# Here's a tricky one...?



## DLGWRX02 (Apr 6, 2010)

Ok a couple of weeks ago my daughter was driving her Peugeot 307 she was on a roundabout and a car entered the roundabout (not seeing her on it) yet this is a slightly raised mini round about you find in town centres etc, she had to swerve onto the roundabout which had a high kerb and being raised in the middle it's caused damage to exhaust, catalytic converter, o2sensor, it's caused all kinds of warning lights to appear on the dash and generally made the car run so rough it's practically un driveable.

She phoned her insurance and told them, they said because of its age and worth then expect it to be a right off. So they sent out an inspector who agreed and said he recommended it a simple a write off, a collection was made and the car was taken away. She phones a the garage who took it away and they said as far as they were concerned it's definitely beyond economic repair as they could fix it but there's no telling what further components could been damaged so costs could sky rocket. So a phone call to the insurance company and they said they agreed and said the same. Nothing was heard for a few days but think this was because of the weekend. She then phones on a Monday to be told they are having another independent examine the car but they still fear it's going to be scrapped.

Now it's been over a week so my daughters had to borrow so money to purchase another car as she needs one to take children to and from schools.
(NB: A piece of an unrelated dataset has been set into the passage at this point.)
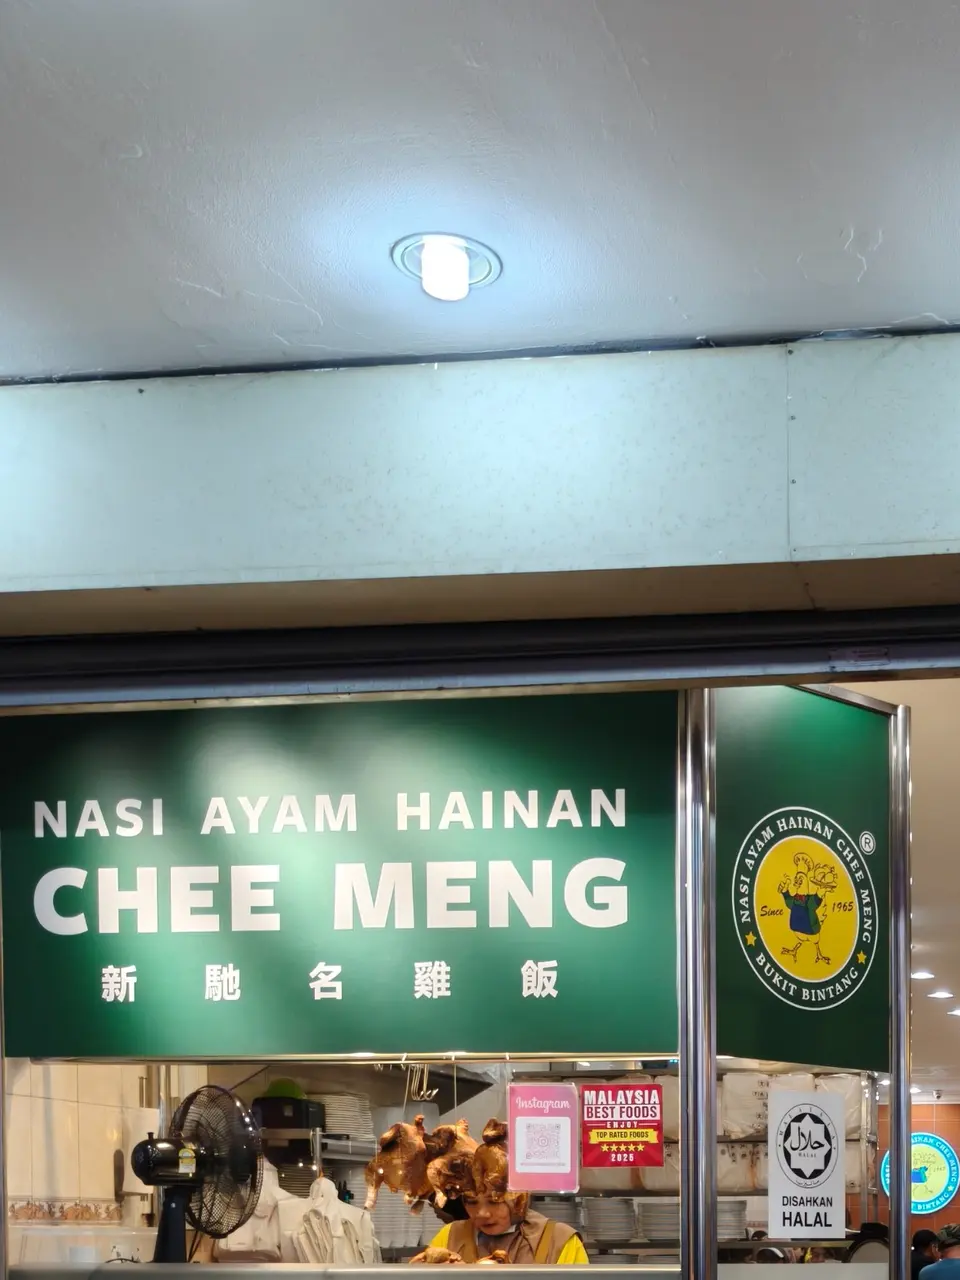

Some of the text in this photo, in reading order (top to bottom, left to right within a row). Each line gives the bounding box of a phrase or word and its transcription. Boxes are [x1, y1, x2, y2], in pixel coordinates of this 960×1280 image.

So borrows the money on the understanding it will be paid back when she gets paid out on hers. 

Two more days past she's phoned them today as they heard nothing and they have said, it's mechanical fault, not structural so therefore they aren't going to write the car off, in fact they are returning it to her and she will be liable for fees incurred in storage and transport and this will affect her NBC!!

I really don't know what to say apart from take it to the financial ombudsman. Anyone else had anything similar?


----------



## Sicskate (Oct 3, 2012)

To be honest, I'm supprise anyone wanted or expected insurance to get involved?!? 

Why didn't she just get the car plugged into Peugeot planet and get the exhaust repaired??


----------



## DLGWRX02 (Apr 6, 2010)

Sicskate said:


> To be honest, I'm supprise anyone wanted or expected insurance to get involved?!?
> 
> Why didn't she just get the car plugged into Peugeot planet and get the exhaust repaired??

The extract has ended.